Brands prompt consumer selection. For the first time in shopping history, consumers can shop and buy without any geographic limitation. The Internet and other at-home shopping options allow far-reaching access to any product, anywhere. With a few clicks, consumers find and select products with names they know and promises they trust. In this boundless marketplace, brands rule and no-name products barely survive.
Brands build name awareness. For good reason, new businesses and products increasingly go by invented names instead of by known words. For one thing, more than three million U.S. trademarks are already registered, so any marketer who wants to protect a new name practically needs to create a never-before seen word in order to succeed. For
another, 99 percent of all words in the English dictionary are already reserved as Internet addresses and are therefore unavailable to new marketers. As a result, most new offerings are launched under invented names, and invented names require strong and diligent branding in order to achieve consumer awareness, recall, and meaning.
Brands increase the odds of business survival.

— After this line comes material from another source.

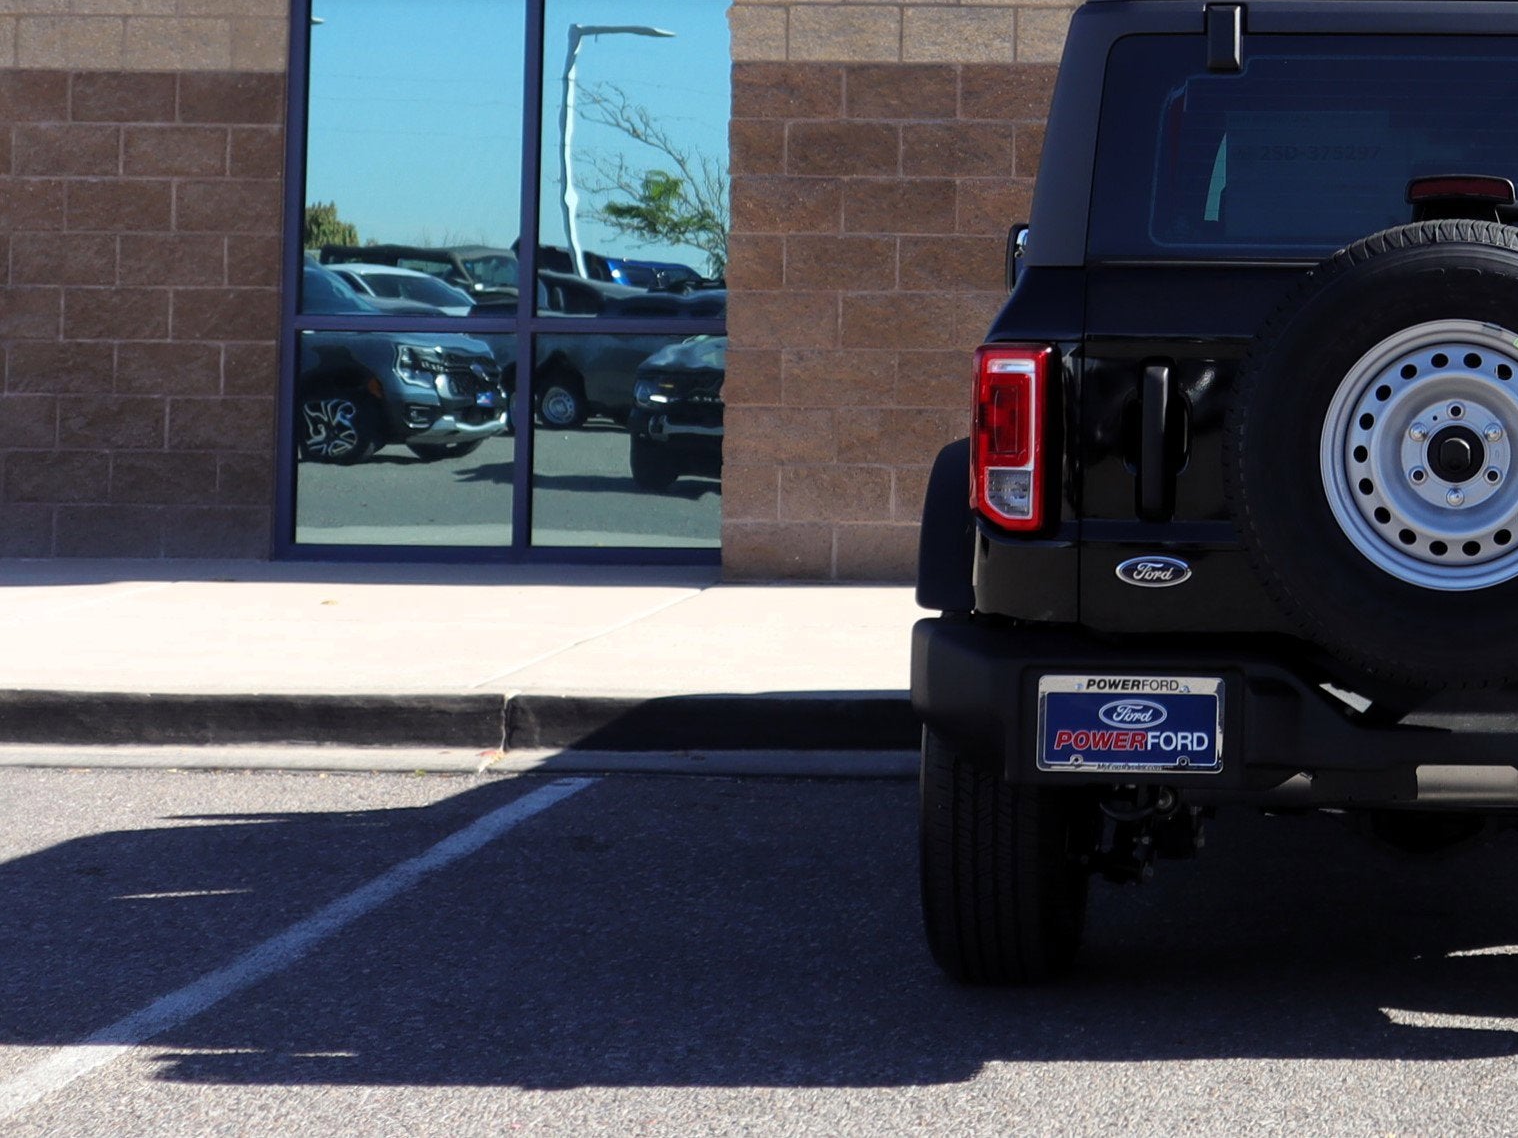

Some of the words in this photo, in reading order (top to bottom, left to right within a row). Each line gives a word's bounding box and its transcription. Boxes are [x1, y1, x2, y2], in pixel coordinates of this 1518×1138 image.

New businesses and new products are being launched at an unprecedented pace. According to the UPC Database, nearly 100,000 new bar-coded products were introduced in 2009 alone. Only those that ride into the market on the strength of an established brand or those that are capable of building a brand name in a hurry can seize consumer awareness, understanding, and preference fast enough to survive.
Brands have been around for centuries. But they’ve never been more important - or more essential to business success - than they are today.
Seeing the Big Branding Picture
Your brand is an image that makes its way into consumers’ minds to influence how they think and buy. It’s based on the promise people believe about you and the reputation they link with your name as the result of all the times and ways they’ve come into contact with you, your name, your logo, or any aspect of your brand.